The couple then headed to another North Point campus and became involved in leadership there. But when Stanley found out, he asked them to step down since the partner was still married to his wife.
"This is just good old fashioned adultery," Stanley told the other man. "You're in a sexual relationship with someone else's husband."
The man protested, saying his partner was almost divorced.
"You can't be almost divorced," Stanley told him. "You're married or you're not. As long as he's married, you can't serve on a guest services team."
The gay couple left the church, but returned later after the first man's wife chose to show them grace and move toward a relationship with them, Stanley said. The resulting relationships—the ex-wife, her daughter, her boyfriend, his daughter, the ex-husband and his partner—are a messy, marvelous, painful microcosm of the church, of truth and grace, he said.
But some took issue with Stanley's silence over the sin of the homosexual couple.
While a pastor doesn't have to say everything that is true about everything in every sermon, Stanley missed a key opportunity to address homosexuality, Burk said.

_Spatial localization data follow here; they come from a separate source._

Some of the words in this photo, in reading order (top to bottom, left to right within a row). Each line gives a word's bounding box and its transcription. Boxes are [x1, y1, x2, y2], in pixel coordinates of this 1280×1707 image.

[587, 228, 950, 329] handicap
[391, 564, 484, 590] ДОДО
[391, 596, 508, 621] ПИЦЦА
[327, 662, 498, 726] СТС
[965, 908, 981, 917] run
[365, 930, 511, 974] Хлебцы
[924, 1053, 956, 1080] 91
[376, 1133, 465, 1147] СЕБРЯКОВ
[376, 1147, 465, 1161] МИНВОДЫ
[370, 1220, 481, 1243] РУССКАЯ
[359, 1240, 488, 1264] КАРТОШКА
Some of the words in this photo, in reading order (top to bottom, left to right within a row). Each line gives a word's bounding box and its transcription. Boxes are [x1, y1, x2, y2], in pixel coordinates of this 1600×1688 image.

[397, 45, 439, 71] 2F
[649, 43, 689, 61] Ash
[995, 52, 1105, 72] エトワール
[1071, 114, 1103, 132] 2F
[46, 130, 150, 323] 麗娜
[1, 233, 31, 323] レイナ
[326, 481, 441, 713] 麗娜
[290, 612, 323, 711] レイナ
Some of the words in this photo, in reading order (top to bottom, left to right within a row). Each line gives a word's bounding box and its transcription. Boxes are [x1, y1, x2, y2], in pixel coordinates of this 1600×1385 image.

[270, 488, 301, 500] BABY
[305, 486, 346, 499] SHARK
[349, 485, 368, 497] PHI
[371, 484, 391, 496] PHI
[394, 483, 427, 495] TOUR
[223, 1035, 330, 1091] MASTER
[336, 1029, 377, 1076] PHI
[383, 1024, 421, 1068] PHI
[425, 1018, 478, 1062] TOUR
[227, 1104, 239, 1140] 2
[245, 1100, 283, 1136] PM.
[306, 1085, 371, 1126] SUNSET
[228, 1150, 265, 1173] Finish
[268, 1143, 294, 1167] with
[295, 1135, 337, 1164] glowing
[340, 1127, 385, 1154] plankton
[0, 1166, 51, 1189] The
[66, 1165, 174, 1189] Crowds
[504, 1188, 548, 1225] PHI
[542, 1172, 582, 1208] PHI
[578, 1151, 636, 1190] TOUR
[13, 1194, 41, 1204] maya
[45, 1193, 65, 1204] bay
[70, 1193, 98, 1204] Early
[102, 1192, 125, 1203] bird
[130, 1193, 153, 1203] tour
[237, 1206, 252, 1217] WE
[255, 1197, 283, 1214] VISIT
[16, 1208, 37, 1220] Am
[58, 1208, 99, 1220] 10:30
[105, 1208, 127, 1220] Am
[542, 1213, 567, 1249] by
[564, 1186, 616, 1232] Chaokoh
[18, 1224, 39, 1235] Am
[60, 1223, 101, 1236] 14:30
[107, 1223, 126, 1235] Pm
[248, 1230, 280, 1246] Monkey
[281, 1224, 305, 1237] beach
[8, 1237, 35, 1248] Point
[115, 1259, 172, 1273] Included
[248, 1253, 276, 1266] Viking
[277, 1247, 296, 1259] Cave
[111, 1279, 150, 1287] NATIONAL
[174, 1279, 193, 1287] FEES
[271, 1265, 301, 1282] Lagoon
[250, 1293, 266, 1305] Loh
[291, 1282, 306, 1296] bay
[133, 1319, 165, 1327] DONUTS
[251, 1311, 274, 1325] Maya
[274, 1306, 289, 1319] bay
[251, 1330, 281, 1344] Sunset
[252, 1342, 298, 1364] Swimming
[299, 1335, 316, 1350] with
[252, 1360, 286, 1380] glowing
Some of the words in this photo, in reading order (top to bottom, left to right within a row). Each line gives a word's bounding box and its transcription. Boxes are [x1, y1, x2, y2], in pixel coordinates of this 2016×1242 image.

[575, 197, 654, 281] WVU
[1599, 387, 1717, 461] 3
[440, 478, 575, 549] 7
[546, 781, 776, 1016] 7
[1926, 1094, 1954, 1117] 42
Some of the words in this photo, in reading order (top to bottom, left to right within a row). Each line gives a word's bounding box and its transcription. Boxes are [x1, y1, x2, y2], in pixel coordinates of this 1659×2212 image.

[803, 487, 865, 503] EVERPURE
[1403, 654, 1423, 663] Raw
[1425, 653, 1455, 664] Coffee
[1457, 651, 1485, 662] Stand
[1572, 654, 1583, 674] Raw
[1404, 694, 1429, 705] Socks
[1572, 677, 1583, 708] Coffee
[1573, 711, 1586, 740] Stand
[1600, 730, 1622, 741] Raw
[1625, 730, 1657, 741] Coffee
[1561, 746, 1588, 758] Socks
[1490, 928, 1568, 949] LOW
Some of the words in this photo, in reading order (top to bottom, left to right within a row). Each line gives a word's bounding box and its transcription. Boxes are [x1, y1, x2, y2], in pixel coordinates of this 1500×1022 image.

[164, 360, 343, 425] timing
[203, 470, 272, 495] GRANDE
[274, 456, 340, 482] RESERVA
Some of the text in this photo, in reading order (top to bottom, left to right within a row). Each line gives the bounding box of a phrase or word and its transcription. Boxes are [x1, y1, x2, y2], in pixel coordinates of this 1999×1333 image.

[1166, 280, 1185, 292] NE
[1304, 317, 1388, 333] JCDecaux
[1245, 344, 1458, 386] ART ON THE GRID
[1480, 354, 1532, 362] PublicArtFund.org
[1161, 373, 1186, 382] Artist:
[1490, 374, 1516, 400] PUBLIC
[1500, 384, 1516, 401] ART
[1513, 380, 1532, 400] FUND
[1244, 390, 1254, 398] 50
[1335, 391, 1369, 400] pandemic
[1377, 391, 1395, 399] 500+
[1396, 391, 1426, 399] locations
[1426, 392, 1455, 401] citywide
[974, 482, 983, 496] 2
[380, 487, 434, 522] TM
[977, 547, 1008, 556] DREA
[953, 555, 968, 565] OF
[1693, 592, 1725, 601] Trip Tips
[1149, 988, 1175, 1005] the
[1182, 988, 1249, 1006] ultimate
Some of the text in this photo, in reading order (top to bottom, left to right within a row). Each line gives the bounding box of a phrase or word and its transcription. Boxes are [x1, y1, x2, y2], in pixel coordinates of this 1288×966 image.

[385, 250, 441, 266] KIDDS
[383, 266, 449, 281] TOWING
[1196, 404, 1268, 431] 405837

"He mentions adultery as a sin," Burk said. "But he never calls homosexuality a sin. When he issues the sanction from leadership, it's only about adultery. That just sends a message."
That ambiguity from Stanley was stunning, Southern Baptist pastor D. Howell Scott said.
"I could not believe it," he said. "Hopefully that's a misunderstanding."
Stanley is a master communicator, and the illustration was well-prepared, and even had graphics to make the relationships clear, Scott said. "The conclusion a lot of folks have drawn is that there is an intentional message in the illustration."
It's premature to make judgments on Stanley's view of homosexuality, Catalyst Leadership senior editor Skye Jethani said.
"People are trying to make an argument from silence," he said. "Sometimes our illustrations can overshadow our message. That's a simple, practical lesson to take away from this."
Stanley declined repeated requests for comment.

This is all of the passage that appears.